Researchers Dr. Ádám Sturm and Dr. Tibor Vellai from Eötvös Loránd, Hungary, have made significant discoveries in aging research. Their research centers on "transposable elements" (TEs) in DNA, which are segments that can be relocated within the genetic code. Excessive movement of these transposable elements leads to instability of the genetic code, which may contribute to the aging process.
Scientists have identified a specific process called the Piwi-piRNA pathway that helps control these TEs. They saw this pathway at work in certain cells that do not age, such as cancer stem cells, and specifically in the mysterious Turritopsisdohrnii (lighthouse jellyfish, commonly known as the "immortal jellyfish"). By strengthening this pathway in a worm called Caenorhabditis elegans, the worm's lifespan was significantly extended.
In previously published landmark articles titled "Mechanisms of Aging: The Major Role of Transposable Elements in Genome Disorganization" (2015) and "The Piwi-piRNA Pathway: The Road to Immortality" (2017), Dr. Sturm and Dr. Vellai theorized the profound relationship between the Piwi-piRNA system and the fascinating concept of biological immortality. Now, they provide experimental proof in a new paper published in Nature Communications. Their research shows that controlling the activity of TEs can indeed extend lifespan, suggesting that these mobile DNA elements play a crucial role in the aging process.

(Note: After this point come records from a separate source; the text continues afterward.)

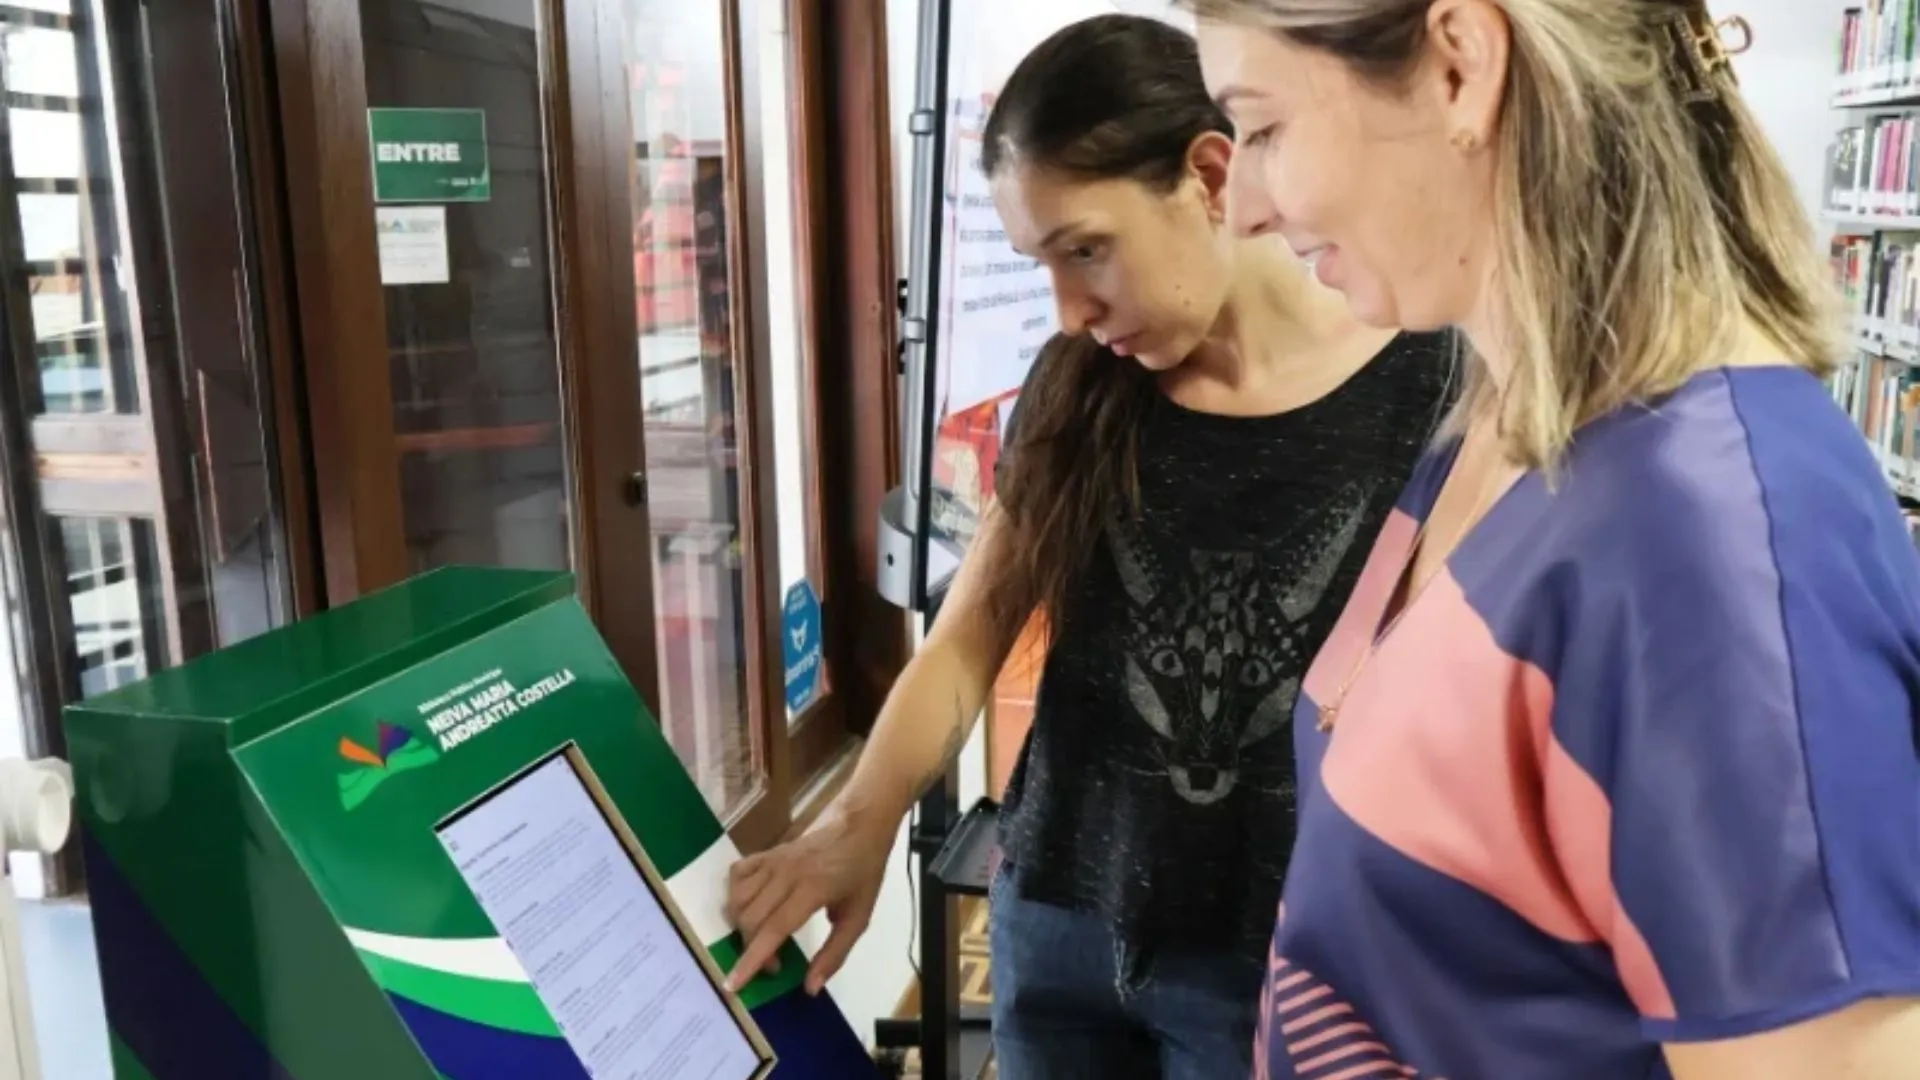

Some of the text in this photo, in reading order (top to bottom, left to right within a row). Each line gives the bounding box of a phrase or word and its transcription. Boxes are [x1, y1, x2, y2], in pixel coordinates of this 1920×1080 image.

[376, 142, 461, 162] ENTRE
[426, 700, 473, 735] NEIVA
[469, 679, 516, 711] MARIA
[438, 699, 519, 752] ANDREATTA
[515, 668, 577, 707] COSTELLA

In more technical terms, researchers use techniques to "down-regulate" or reduce the activity of TEs. When they did this to specific TEs in the worms, the worms showed signs of slower aging. What's more, when multiple TEs are controlled simultaneously, the effects of extending life are additive.
Dr. Sturm explained: "In our lifespan experiments, a statistically significant lifespan advantage was observed simply by downregulating TEs or somatically overexpressing Piwi-piRNA pathway elements. This opens the door to countless potential applications in medicine and biology."
Additionally, the team found that as these worms age, their DNA undergoes epigenetic changes, particularly in TEs. These changes, known as DNAN6-adenine methylation, were observed to increase TE transcription and jumping as animals aged.
Dr. Vellai emphasized the potential significance of this discovery: "This epigenetic modification may pave the way for methods of determining age from DNA, providing an accurate biological clock."
Taken together, by better understanding these mobile DNA elements and the pathways that control them, scientists may find ways to extend life and improve health later in life.